▸ **Work task**
Please restate the entries verbatim. The copy should hold no pictures.

++++ Records to use ++++

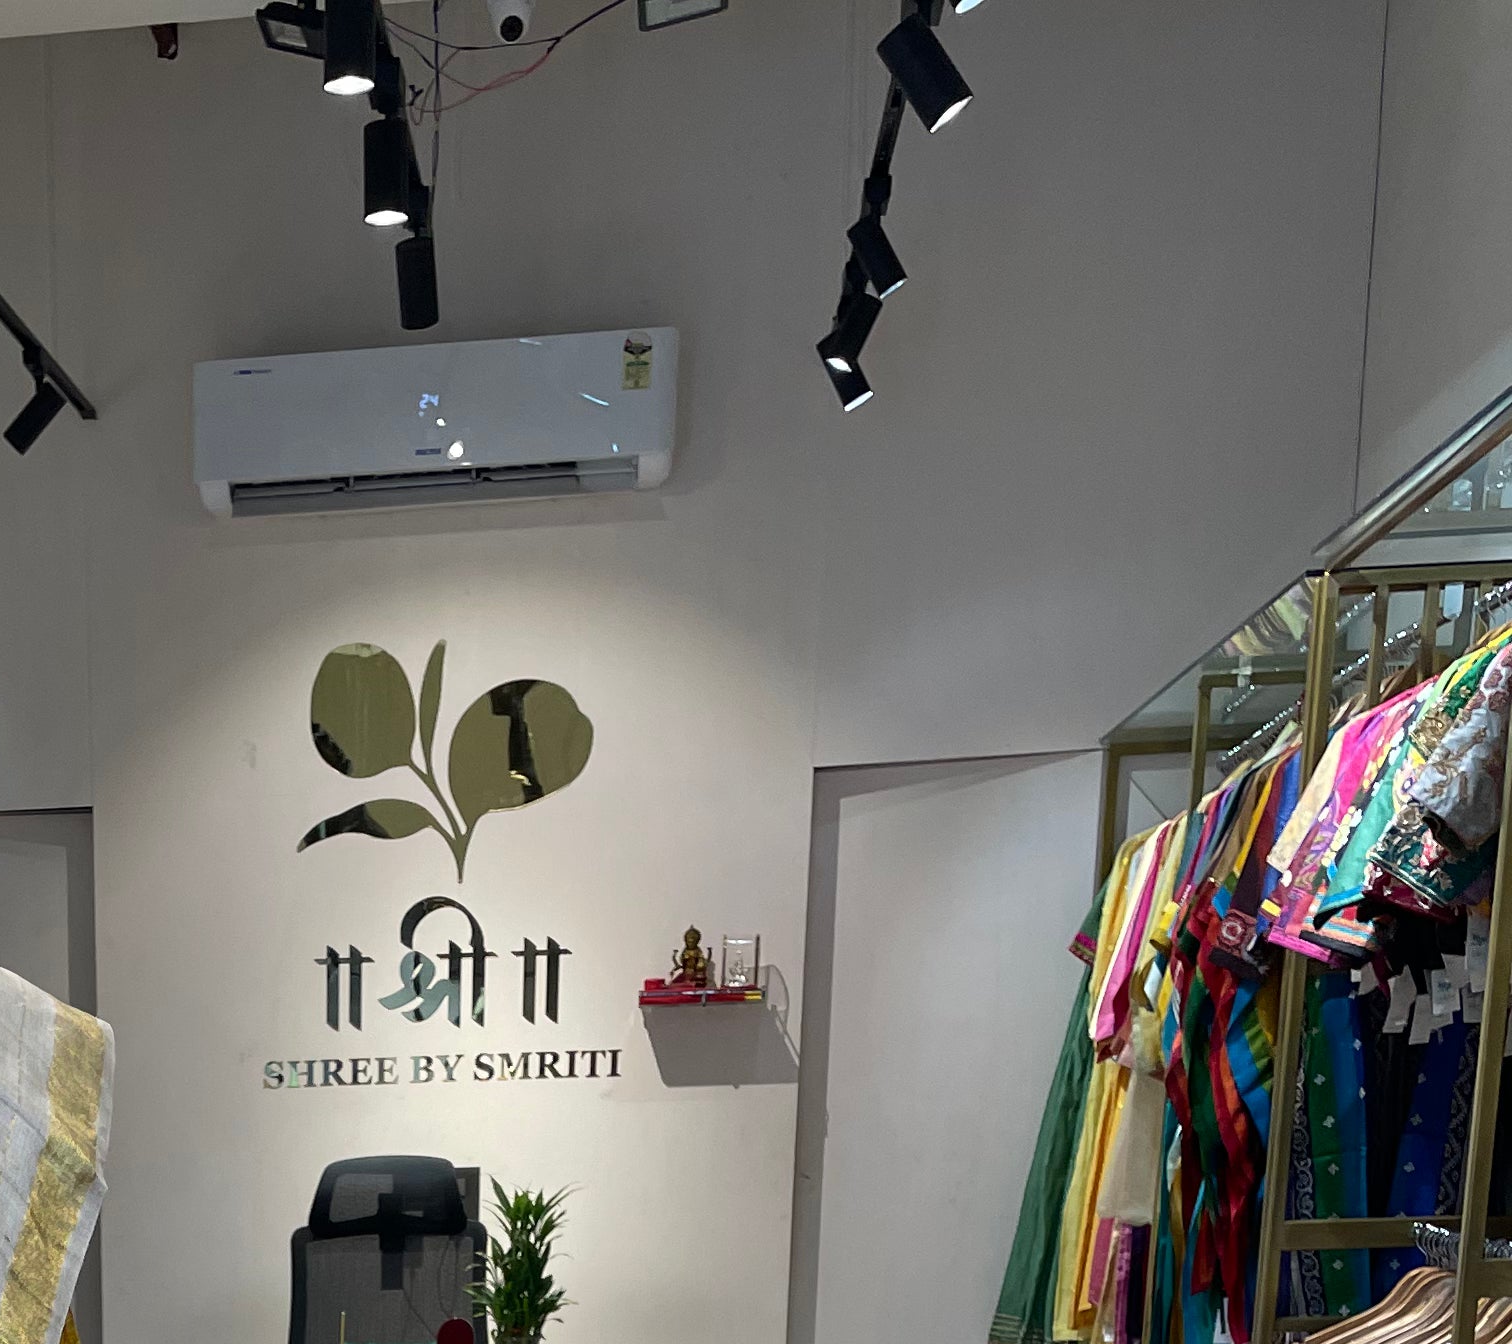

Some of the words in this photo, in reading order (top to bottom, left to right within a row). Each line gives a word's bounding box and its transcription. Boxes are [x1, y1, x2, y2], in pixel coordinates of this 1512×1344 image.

[419, 393, 439, 409] 24
[377, 895, 498, 1028] श्री
[263, 1057, 400, 1089] SHREE
[409, 1054, 465, 1084] BY
[473, 1048, 623, 1081] SMRITI
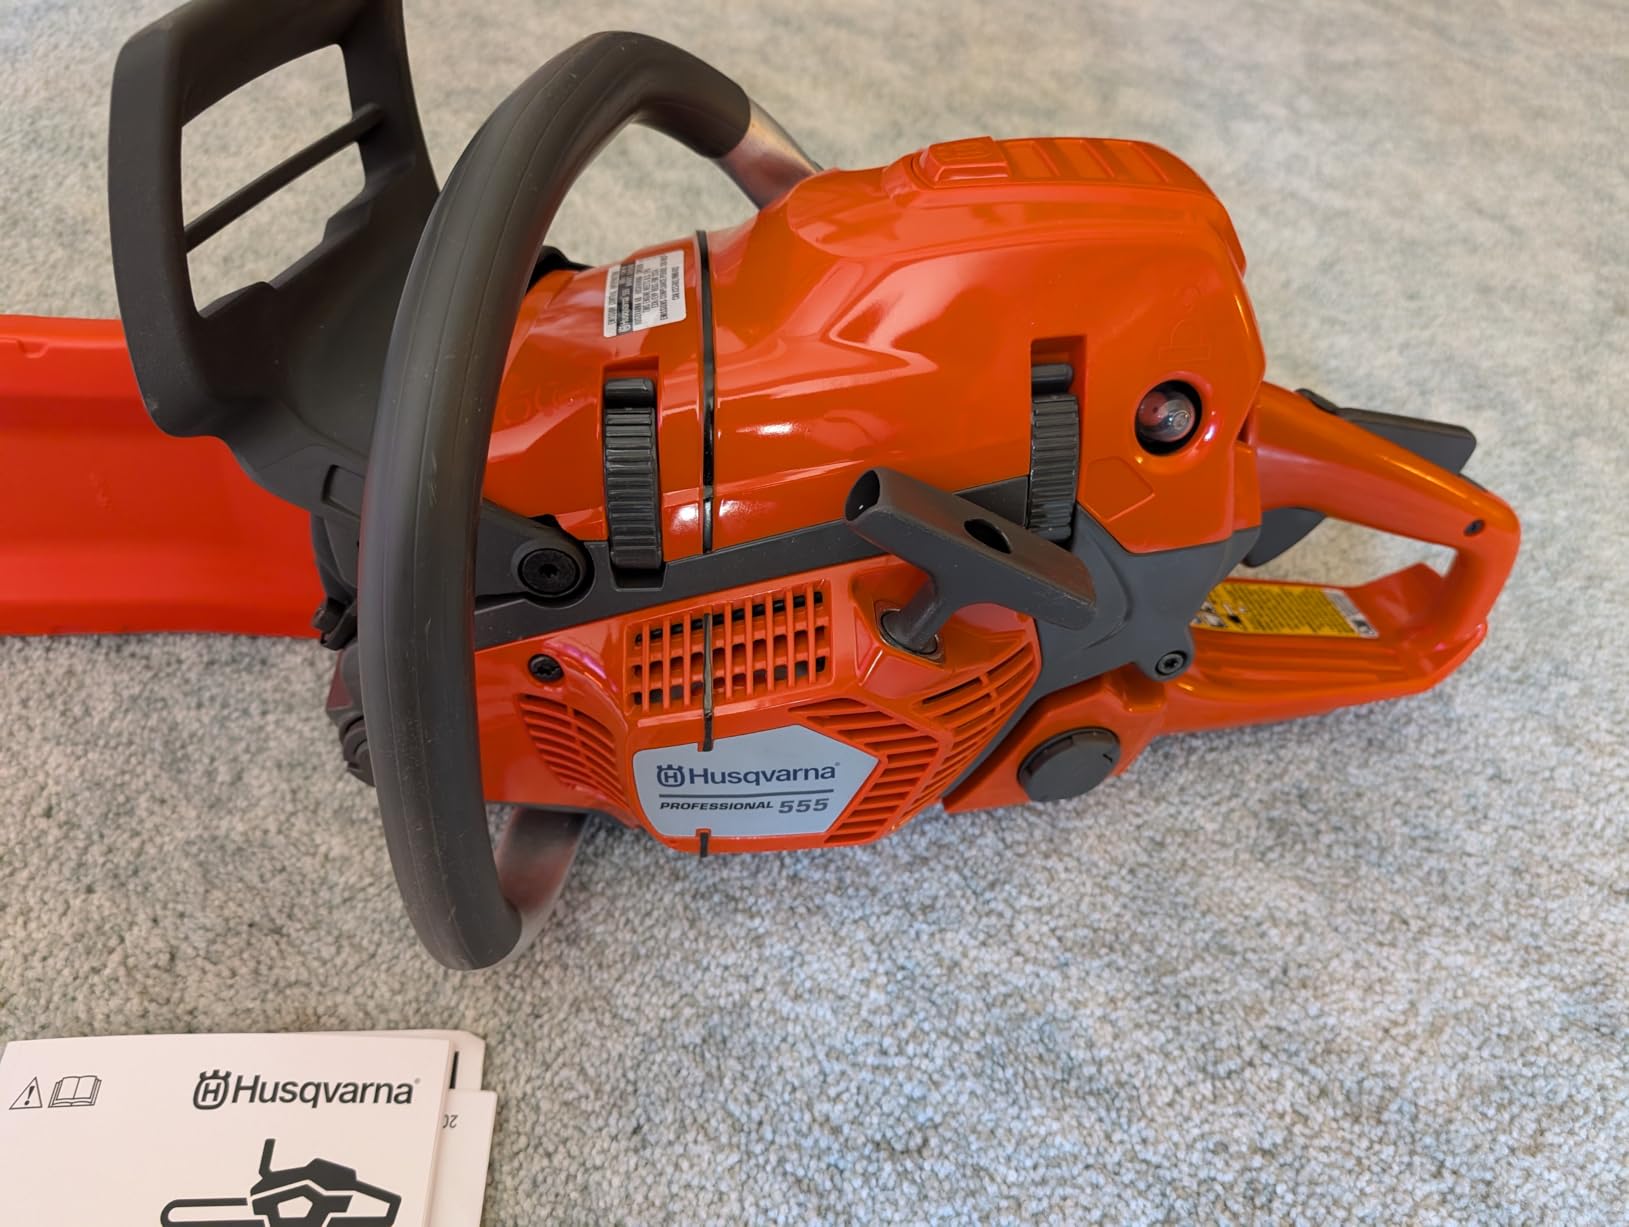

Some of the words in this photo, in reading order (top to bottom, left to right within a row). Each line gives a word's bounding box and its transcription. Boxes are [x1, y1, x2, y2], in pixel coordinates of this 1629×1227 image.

[689, 766, 836, 786] Husqvarna
[659, 801, 774, 811] PROFESSIONAL
[778, 798, 830, 814] 555
[231, 1074, 414, 1108] Husqvarna
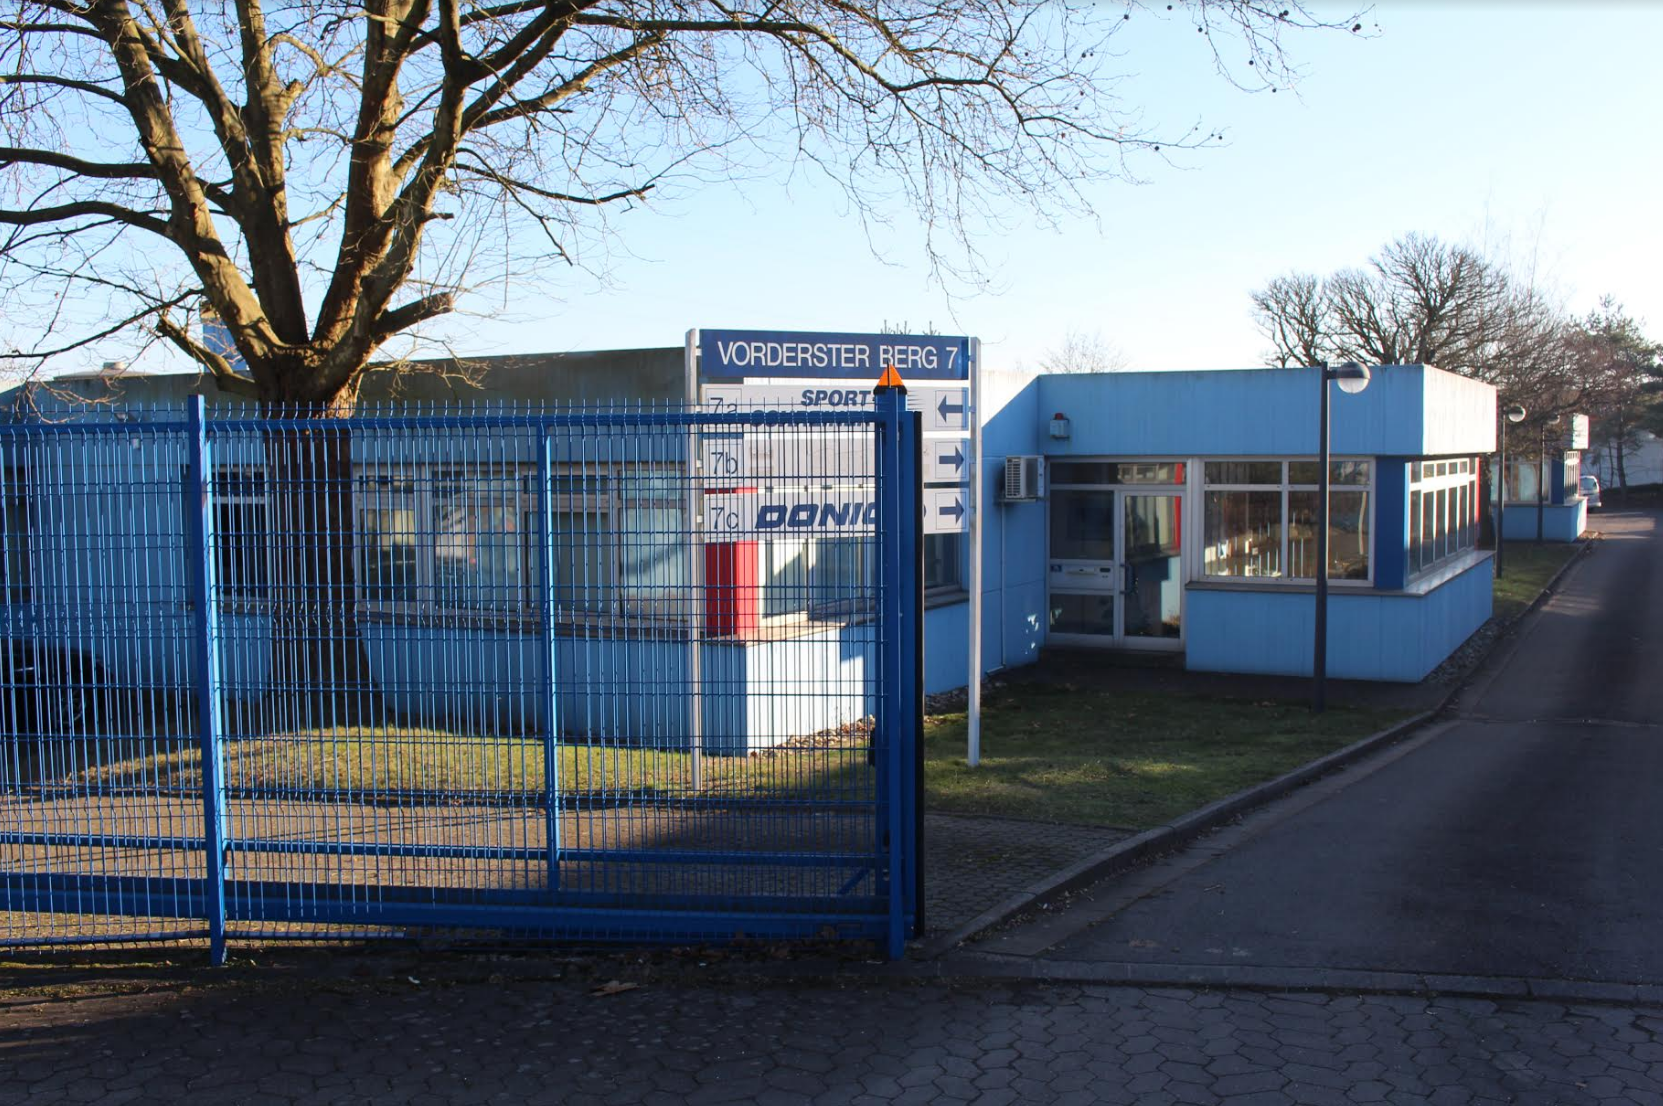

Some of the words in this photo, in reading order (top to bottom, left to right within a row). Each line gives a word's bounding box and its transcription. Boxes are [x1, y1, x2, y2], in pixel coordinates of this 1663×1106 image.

++++

▸ **Written solution**
Some of the words in this photo, in reading order (top to bottom, left to right within a row). Each line gives a word's bounding box and its transcription. Boxes are [x1, y1, x2, y2], in pixel coordinates of this 1512×1344 image.

[419, 393, 439, 409] 24
[377, 895, 498, 1028] श्री
[263, 1057, 400, 1089] SHREE
[409, 1054, 465, 1084] BY
[473, 1048, 623, 1081] SMRITI

Some of the words in this photo, in reading order (top to bottom, left to right within a row). Each line gives a word's bounding box and its transcription. Boxes are [x1, y1, x2, y2], in pixel coordinates of this 1629×1227 image.

[689, 766, 836, 786] Husqvarna
[659, 801, 774, 811] PROFESSIONAL
[778, 798, 830, 814] 555
[231, 1074, 414, 1108] Husqvarna

Some of the words in this photo, in reading order (top to bottom, left to right within a row). Each line gives a word's bounding box and its transcription. Boxes are [x1, y1, x2, y2], in pixel coordinates of this 1663×1106 image.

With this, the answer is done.